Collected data
....
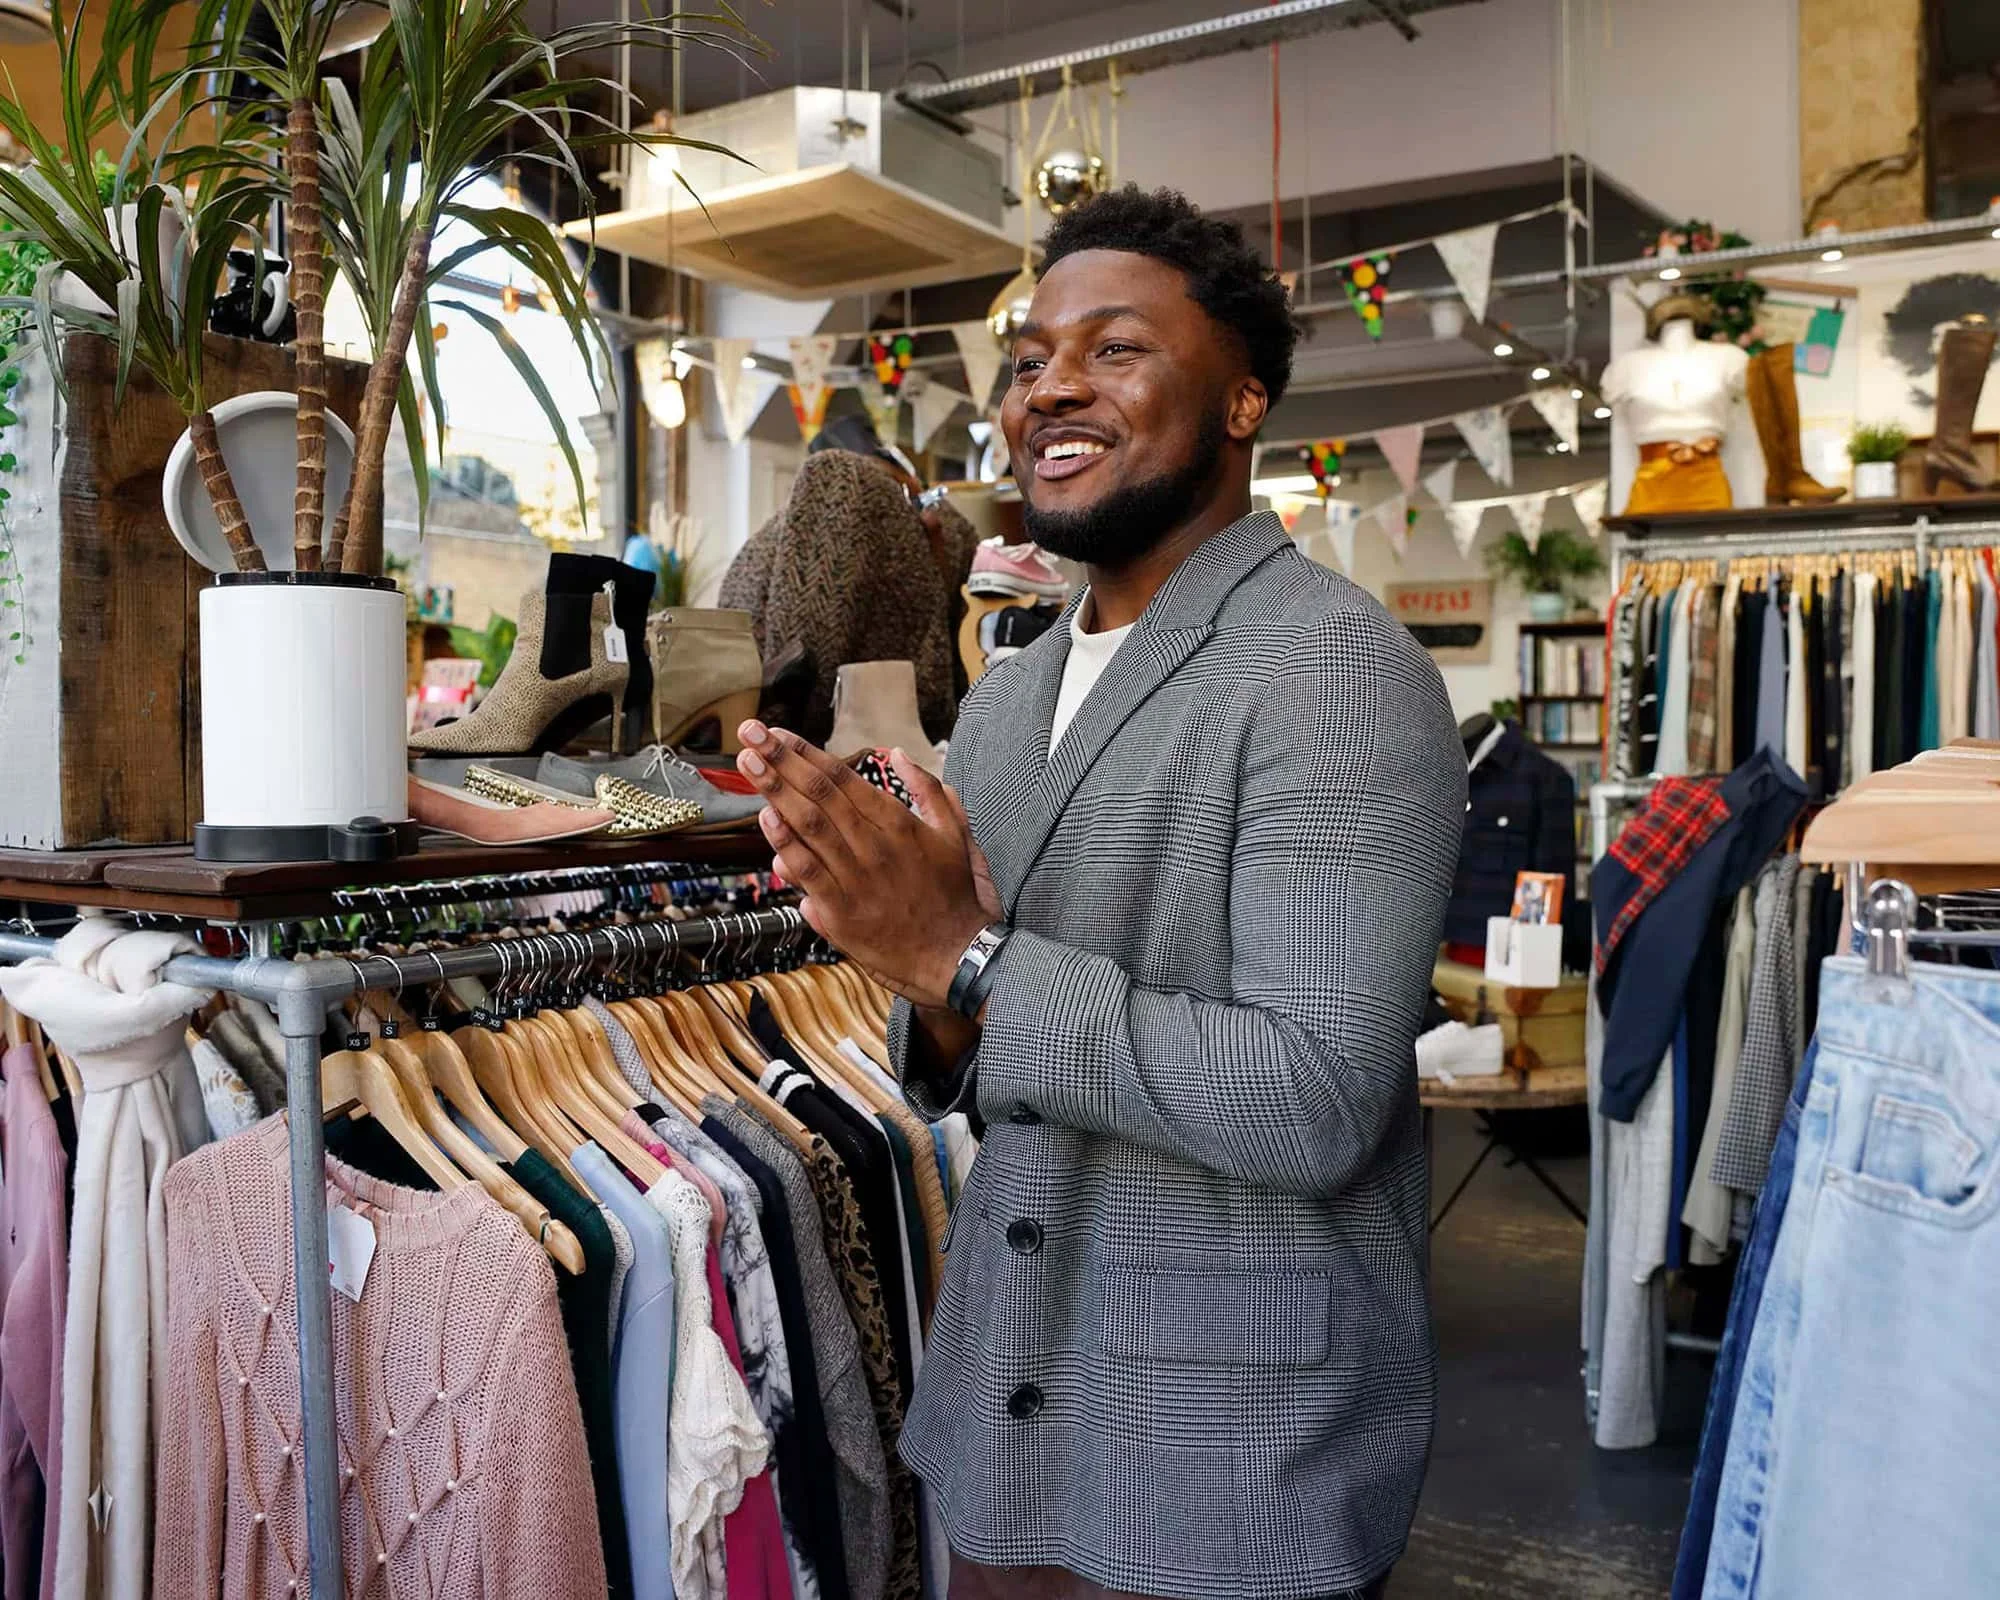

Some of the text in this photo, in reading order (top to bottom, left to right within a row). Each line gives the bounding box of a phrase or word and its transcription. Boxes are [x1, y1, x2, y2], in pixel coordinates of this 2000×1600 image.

[561, 996, 568, 1005] S
[473, 1010, 486, 1021] XS
[424, 1021, 437, 1030] XS
[488, 1018, 501, 1028] XS
[385, 1026, 393, 1036] S
[349, 1039, 361, 1047] XS
....
Write out the data in full and exactly as given, though without the images.

**RESPONSE FOR THIS EXERCISE**
Some of the text in this photo, in reading order (top to bottom, left to right within a row). Each line gives the bounding box of a phrase or word and its transcription. Boxes are [x1, y1, x2, y2], in pixel coordinates of this 2000×1600 image.

[561, 996, 568, 1005] S
[473, 1010, 486, 1021] XS
[424, 1021, 437, 1030] XS
[488, 1018, 501, 1028] XS
[385, 1026, 393, 1036] S
[349, 1039, 361, 1047] XS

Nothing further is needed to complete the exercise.